# Movement



## rik6230 (Jan 8, 2008)

Two pictures on the beach and two into the water. The last one is a panning shot. The shutter speed was 1/50. 

(shutterspeed 1/1250)









(shutter speed 1/1000)









(shutter speed 1/1250)









(shutter speed 1/50 )


----------



## nolefan (Nov 6, 2009)

Oh, just - WOW......! What STUNNING photos, thank you for sharing your beautiful dog with us. Wow!


----------



## maryt (Jun 22, 2012)

Nice pics, beauttiful golden! Must show my husband, he is a professional photographer as you must be too!


----------



## soxOZ (Dec 13, 2007)

Nice action shots Rik, well done on the panning shot of your lovely boy..!!!.


----------



## ebenjamin85 (Apr 13, 2008)

Those are some amazing pictures! This forum is motivating me to get a better camera (or a camera to begin with... vs. my phone, haha). Great shots!


----------



## davebeech (Feb 11, 2006)

brilliant pics Rik, and always good to see Paco in motion


----------



## Nyahsmommy (Jul 23, 2011)

Wow, amazing pics (and golden too!) What type of lens do you use? I have a Nikon 3100 with a standard lens, I can't get as good of action shots of you though. I should start playing around with the shutter speed it looks like. As the options I use always make me miss a good shot. Hmmm


----------



## Otter (Feb 23, 2011)

Very nice Rik. Really like the second and last ones.
Well done.


----------



## GoldenCamper (Dec 21, 2009)

Love the second one where Paco is stepping on his front paw with his rear foot. The last one at 1/50 gets a big grin from me too. Great photos Rik.


----------



## MaddieMagoo (Aug 14, 2007)

WOW! Now that is what I call some determination from a Golden! =] Come take pictures of my dog??


----------



## rik6230 (Jan 8, 2008)

Thank you all 




maryt said:


> Nice pics, beauttiful golden! Must show my husband, he is a professional photographer as you must be too!


Thanks but I'm a (fanatic) amateur 



soxOZ said:


> Nice action shots Rik, well done on the panning shot of your lovely boy..!!!.

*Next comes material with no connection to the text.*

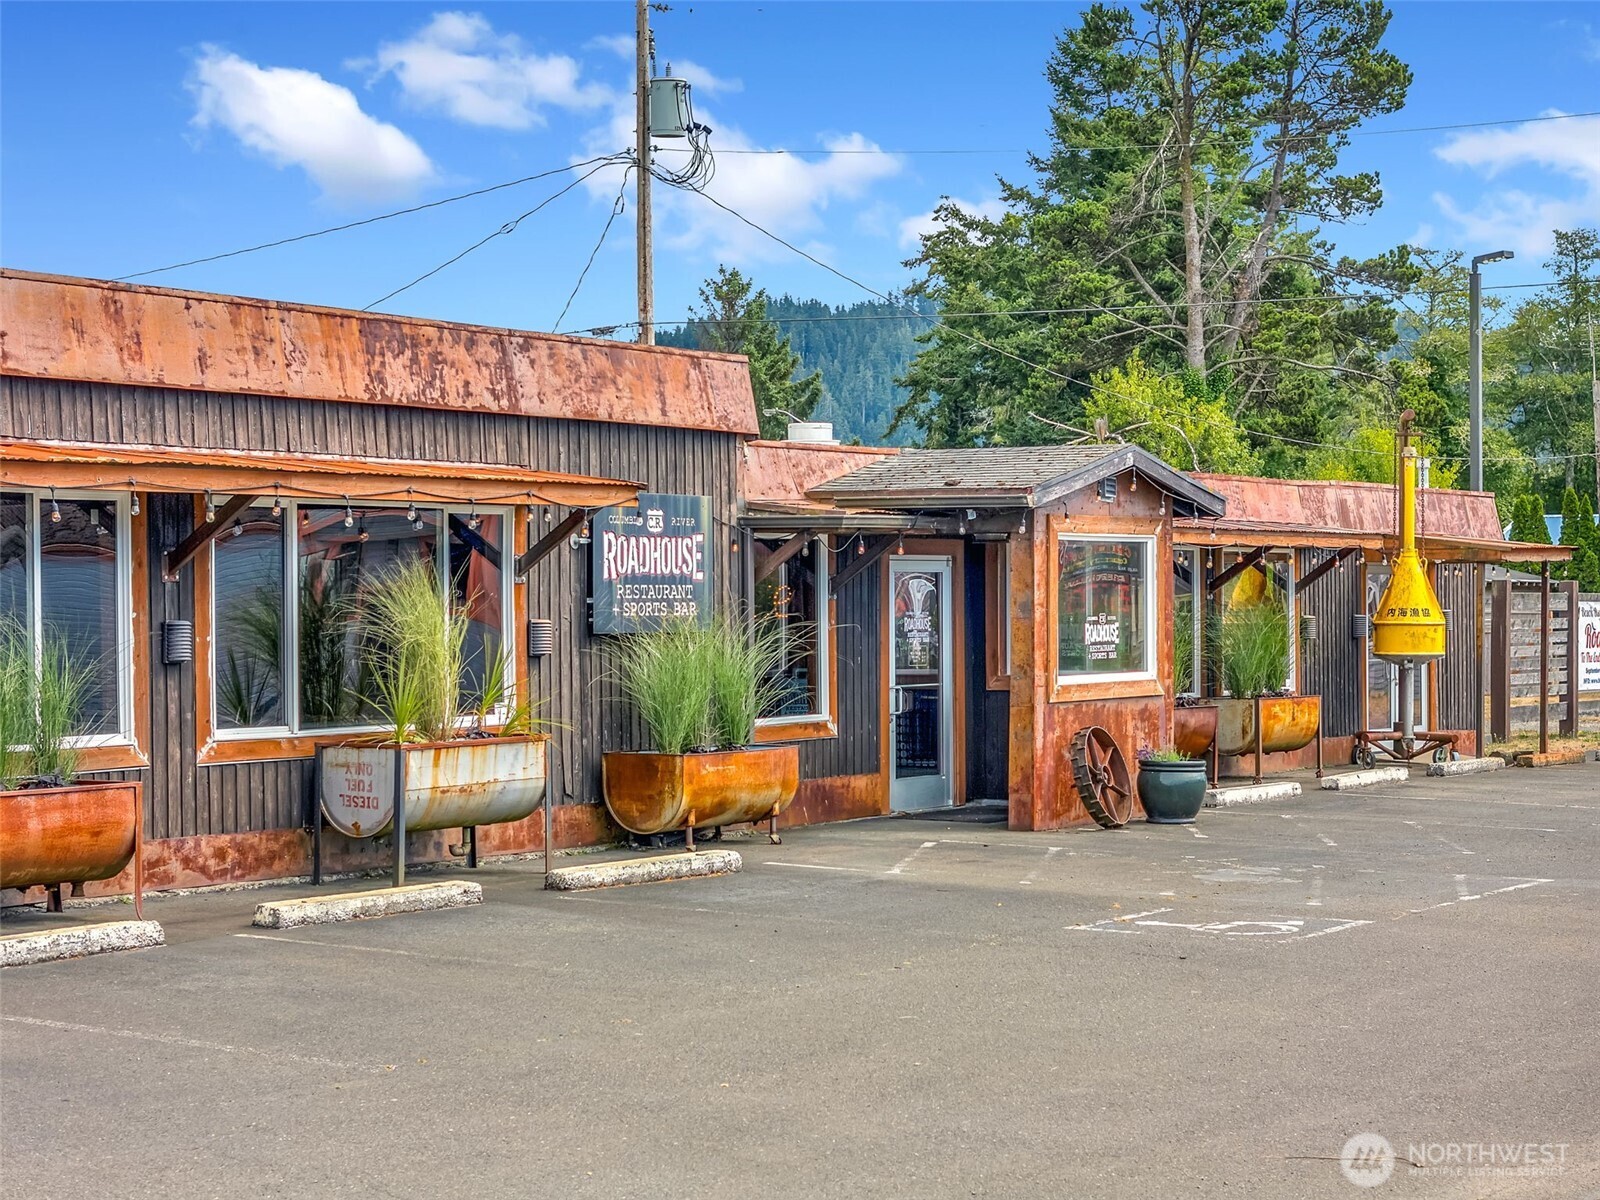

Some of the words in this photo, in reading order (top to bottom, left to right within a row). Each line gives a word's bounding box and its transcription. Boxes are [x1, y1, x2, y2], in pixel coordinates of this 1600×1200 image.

Thanks Wally. Every panning shot is a lucky shot.



davebeech said:


> brilliant pics Rik, and always good to see Paco in motion


Thank you Dave 


MaddieMagoo said:


> WOW! Now that is what I call some determination from a Golden! =] Come take pictures of my dog??


Thanks. It is a long way


----------



## FeatherRiverSam (Aug 7, 2009)

Well rik if you ever do get over this way sign me up for some shots...your pictures are amazing!!!

Pete


----------



## rik6230 (Jan 8, 2008)

Thanks Pete  Maybe next year I'm in Vegas. You live in a beautiful part of the world !


----------



## Door (Apr 2, 2010)

Stunning. I can see why you didn't get a Basset Hound.


----------



## rik6230 (Jan 8, 2008)

Door said:


> I can see why you didn't get a Basset Hound.




But that's why this a beautiful shot. (not mine !)


----------



## Oaklys Dad (Dec 28, 2005)

All great shots of Paco in action. The last one is simply amazing. Nice work Rik!


----------